> [Instructions for the task]: All the data that follows should be repeated exactly, without a single picture.

--- START ---

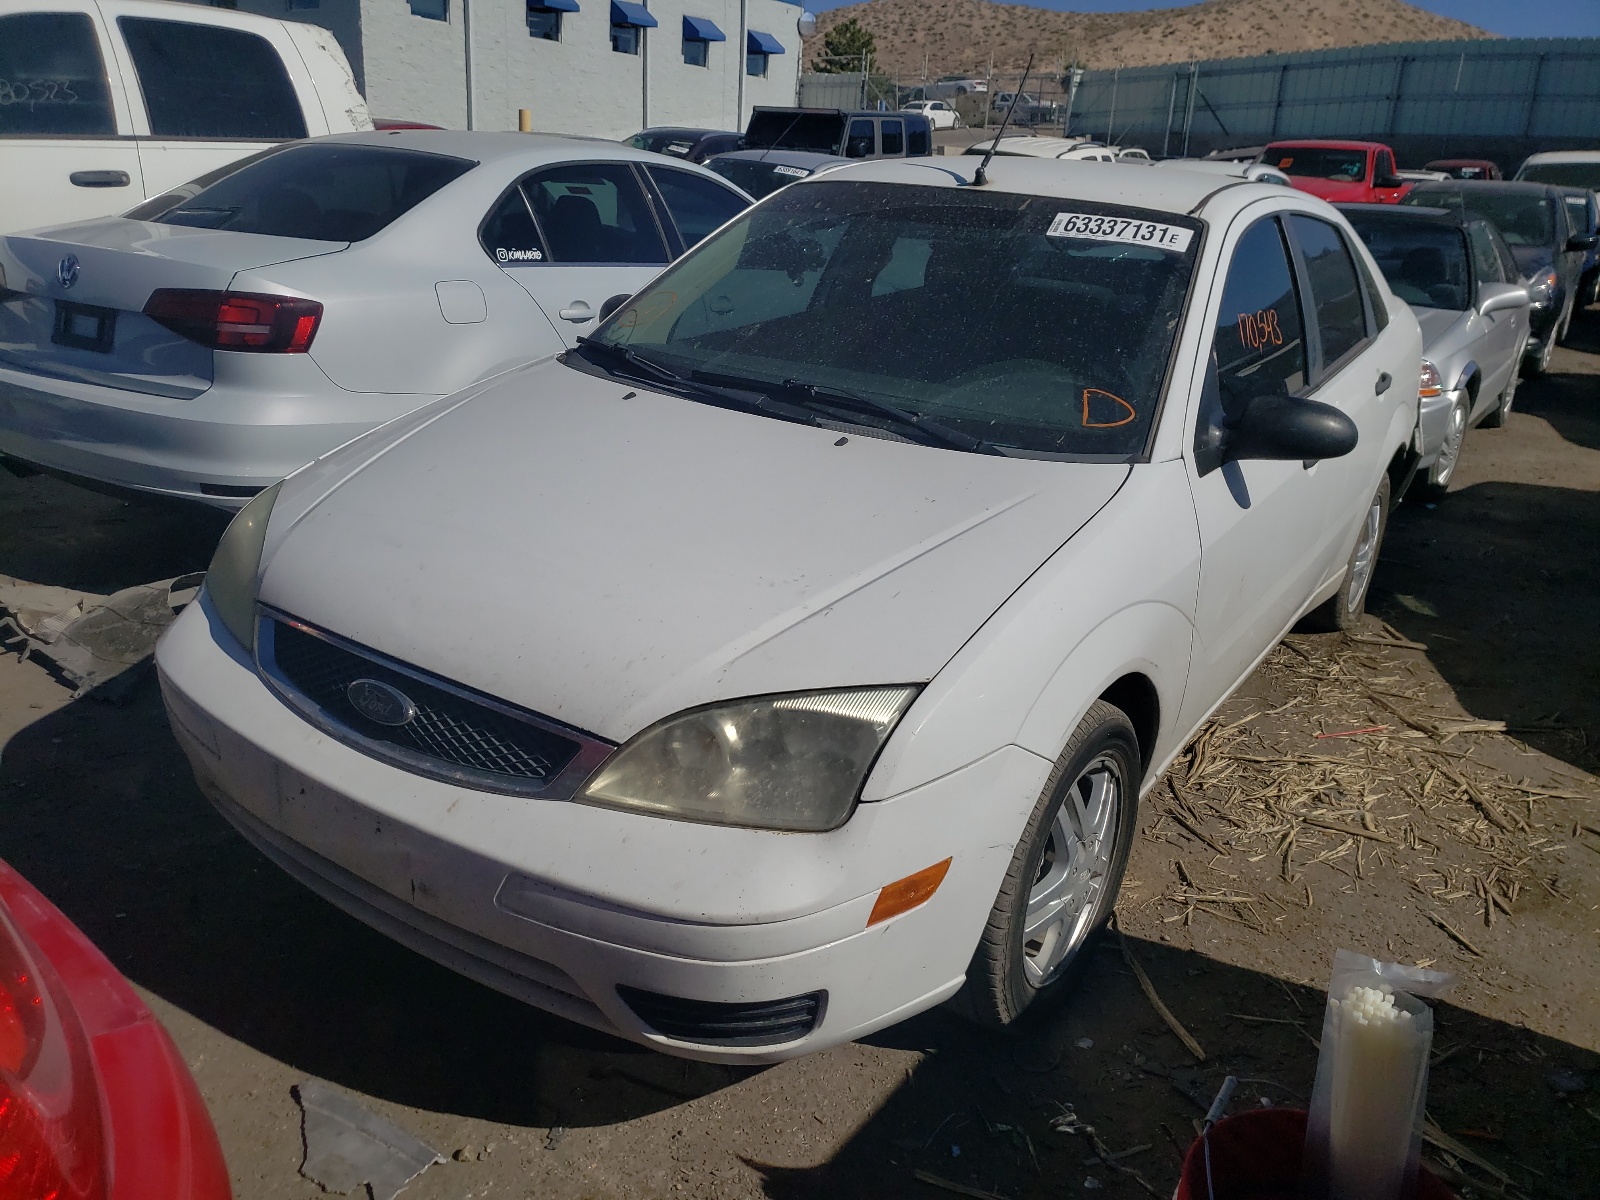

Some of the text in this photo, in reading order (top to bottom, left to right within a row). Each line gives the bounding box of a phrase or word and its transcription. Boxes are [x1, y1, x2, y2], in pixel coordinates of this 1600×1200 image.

[1063, 215, 1169, 243] 63337131
[1168, 234, 1180, 244] E
[1237, 309, 1283, 355] 170,543
[1082, 388, 1136, 427] D

--- END ---

> [Answer to this task]:
Some of the text in this photo, in reading order (top to bottom, left to right within a row). Each line gives the bounding box of a phrase or word and its transcription. Boxes are [x1, y1, x2, y2], in pixel coordinates of this 1600×1200 image.

[1063, 215, 1169, 243] 63337131
[1168, 234, 1180, 244] E
[1237, 309, 1283, 355] 170,543
[1082, 388, 1136, 427] D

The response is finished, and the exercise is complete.